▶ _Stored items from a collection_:
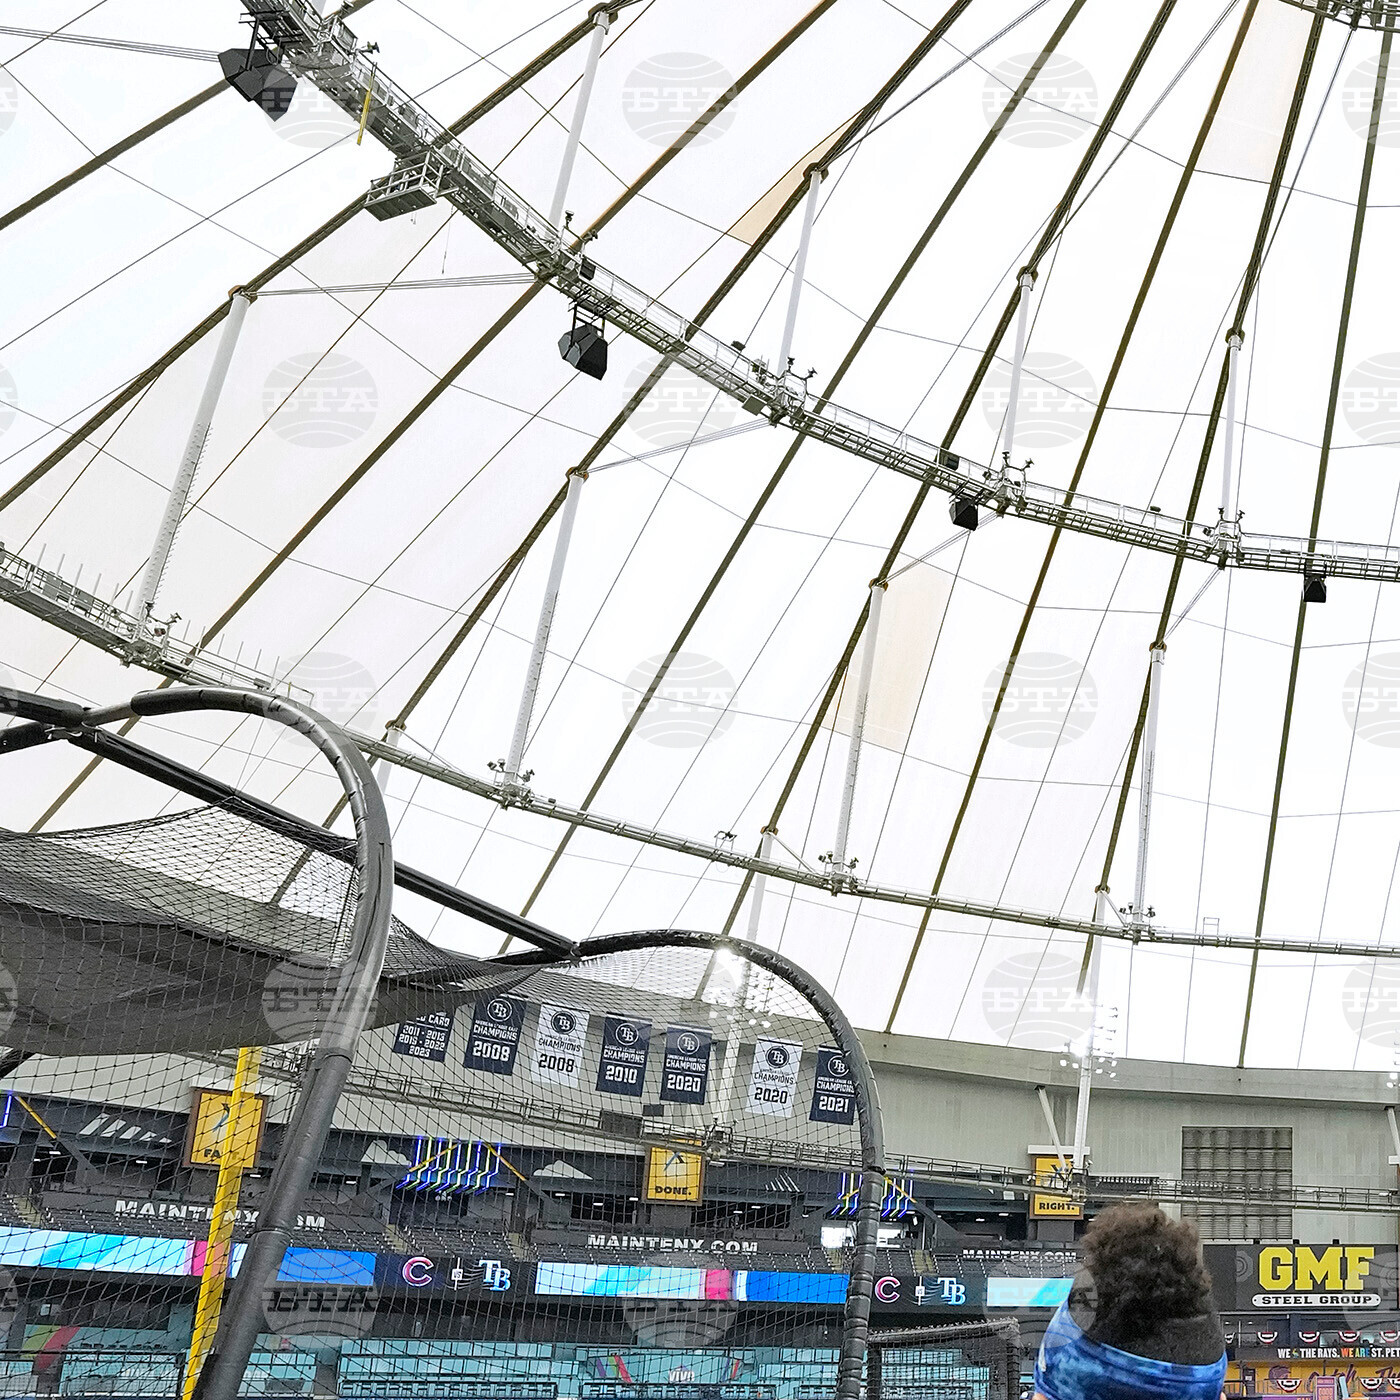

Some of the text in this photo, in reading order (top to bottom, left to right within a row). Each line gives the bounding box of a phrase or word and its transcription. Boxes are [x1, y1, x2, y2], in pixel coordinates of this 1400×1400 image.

[473, 1025, 518, 1041] CHAMPIONS
[472, 1041, 511, 1062] 2008
[538, 1038, 581, 1052] CHAMPIONS
[539, 1054, 575, 1073] 2008
[603, 1049, 645, 1064] CHAMPIONS
[666, 1058, 706, 1072] CHAMPIONS
[605, 1065, 638, 1084] 2010
[754, 1072, 794, 1085] CHAMPIONS
[667, 1074, 700, 1092] 2020
[754, 1087, 788, 1104] 2020
[818, 1096, 850, 1113] 2021
[654, 1185, 692, 1197] DONE.
[1038, 1202, 1075, 1212] RIGHT.
[587, 1234, 759, 1256] MAINTENX.COM
[962, 1249, 1077, 1263] MAINTENX.COM
[478, 1259, 512, 1292] TB
[1258, 1246, 1375, 1291] GMF
[936, 1276, 966, 1306] TB
[1261, 1296, 1373, 1306] STEEL GROUP
[1278, 1348, 1291, 1359] WE
[1300, 1348, 1317, 1358] THE
[1318, 1348, 1340, 1358] RAYS.
[1340, 1348, 1354, 1358] WE
[1354, 1348, 1370, 1358] ARE

▶ _Activity_: Each line above must be repeated exactly in the answer, with pictures omitted.

▶ _Response to the exercise_:
Some of the text in this photo, in reading order (top to bottom, left to right within a row). Each line gives the bounding box of a phrase or word and its transcription. Boxes are [x1, y1, x2, y2], in pixel coordinates of this 1400×1400 image.

[473, 1025, 518, 1041] CHAMPIONS
[472, 1041, 511, 1062] 2008
[538, 1038, 581, 1052] CHAMPIONS
[539, 1054, 575, 1073] 2008
[603, 1049, 645, 1064] CHAMPIONS
[666, 1058, 706, 1072] CHAMPIONS
[605, 1065, 638, 1084] 2010
[754, 1072, 794, 1085] CHAMPIONS
[667, 1074, 700, 1092] 2020
[754, 1087, 788, 1104] 2020
[818, 1096, 850, 1113] 2021
[654, 1185, 692, 1197] DONE.
[1038, 1202, 1075, 1212] RIGHT.
[587, 1234, 759, 1256] MAINTENX.COM
[962, 1249, 1077, 1263] MAINTENX.COM
[478, 1259, 512, 1292] TB
[1258, 1246, 1375, 1291] GMF
[936, 1276, 966, 1306] TB
[1261, 1296, 1373, 1306] STEEL GROUP
[1278, 1348, 1291, 1359] WE
[1300, 1348, 1317, 1358] THE
[1318, 1348, 1340, 1358] RAYS.
[1340, 1348, 1354, 1358] WE
[1354, 1348, 1370, 1358] ARE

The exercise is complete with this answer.